= Gary Lord (artist) =

American painter

Gary Lord (born 1952) is a Cincinnati, Ohio-based faux painting artist and teacher. He owns a decorative painting business, Gary Lord Wall Options and Associates Inc, and is the founder of Prismatic Painting Studio and ItsFauxEasy.com, a video-based faux painting teaching site. He has been teaching faux painting techniques for over 25 years via seminars, DVDs, the Internet, and best-selling books. He has also appeared on hundreds of television segments demonstrating faux painting and decorating techniques. From 2002 - 2019 Gary's work has won a total of ten National 1st Place Awards for Best Faux Finisher of the Year by the Painting and Decorating Contractors of America and by the American Painting Contractor. He also was named to the top spot by American Painting Contractor for Who's Who in Decorative Painting in America in 2007.

==Author==
He has written five books It's Faux Easy, Mural Painting Secrets for Success, Great Paint Finishes For a Gorgeous Home, and Marvelous Murals You Can Paint. Simply Creative Faux Finishes.

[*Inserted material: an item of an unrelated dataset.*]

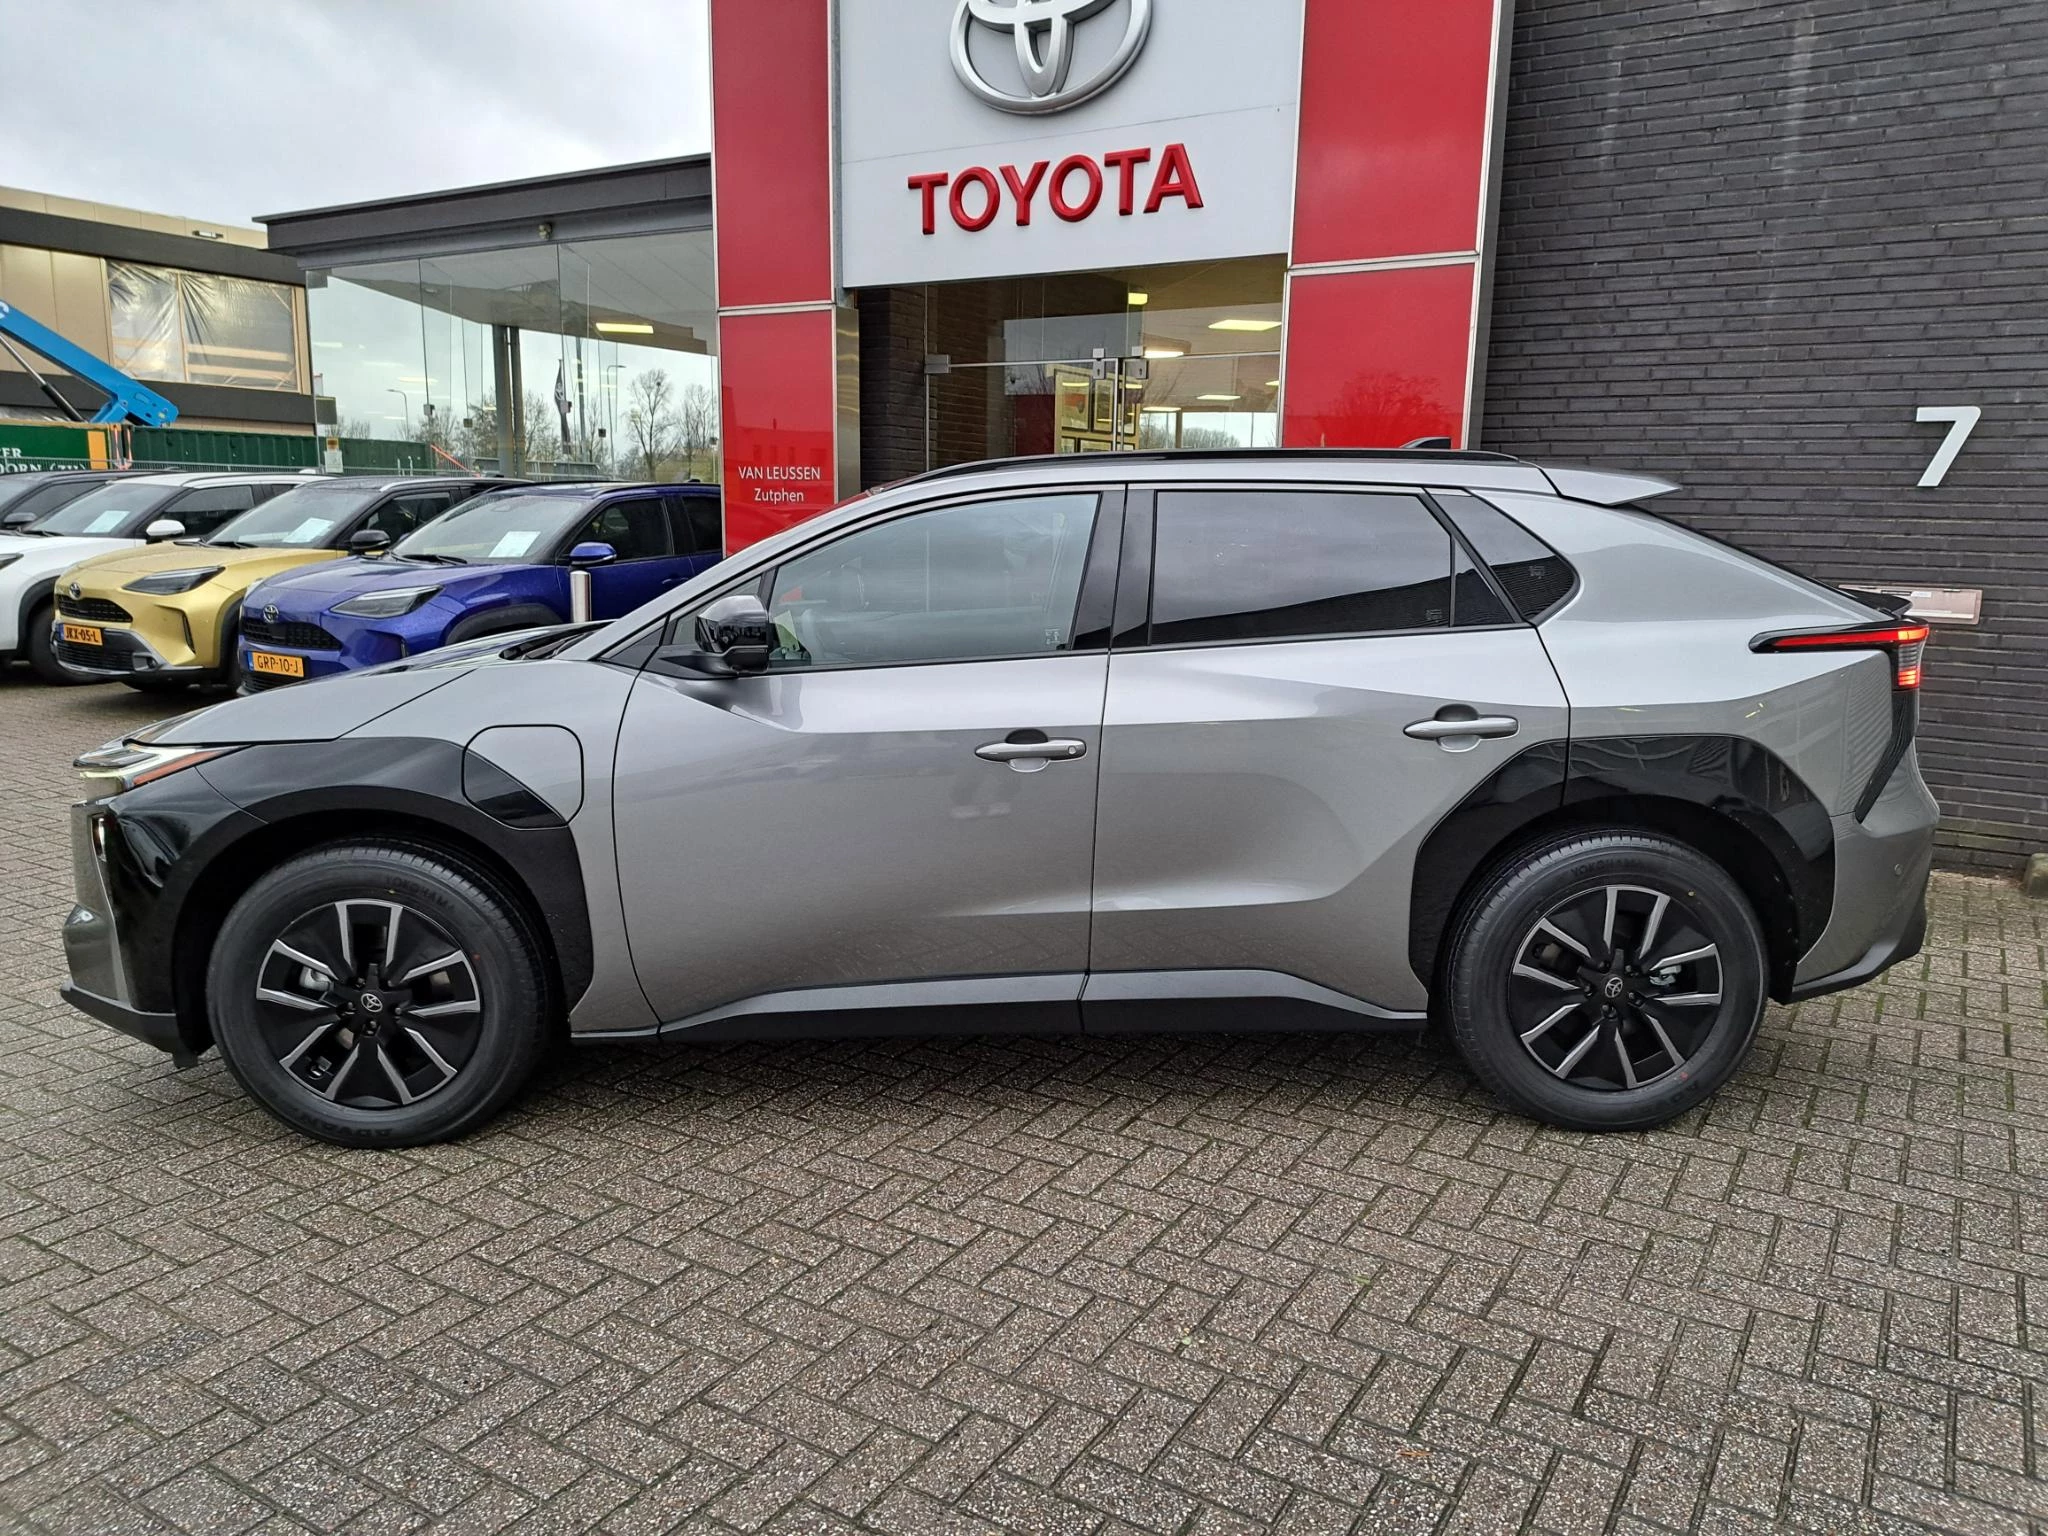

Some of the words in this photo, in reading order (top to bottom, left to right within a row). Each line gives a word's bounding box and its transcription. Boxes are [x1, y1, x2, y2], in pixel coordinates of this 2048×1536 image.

He is a regular contributor to several national and trade faux painting publications including The Faux Finisher, The Decorative Painter, Profiles in Faux, American Painting Contractor, Faux Effects World, P.W.C., Paint Pro, Artistic Stenciler, The Artist Magazine, Artisphere, and Architectural Living.

==Television appearances==
Lord is a regular guest on HGTV's Decorating With Style and has appeared on PBS's Paint Paint Paint, Discovery Channel's Christopher Lowell Show, D.I.Y., Around the House, Home Works, and The Carol Duvall Show, as well as many local shows/segments featuring faux painting.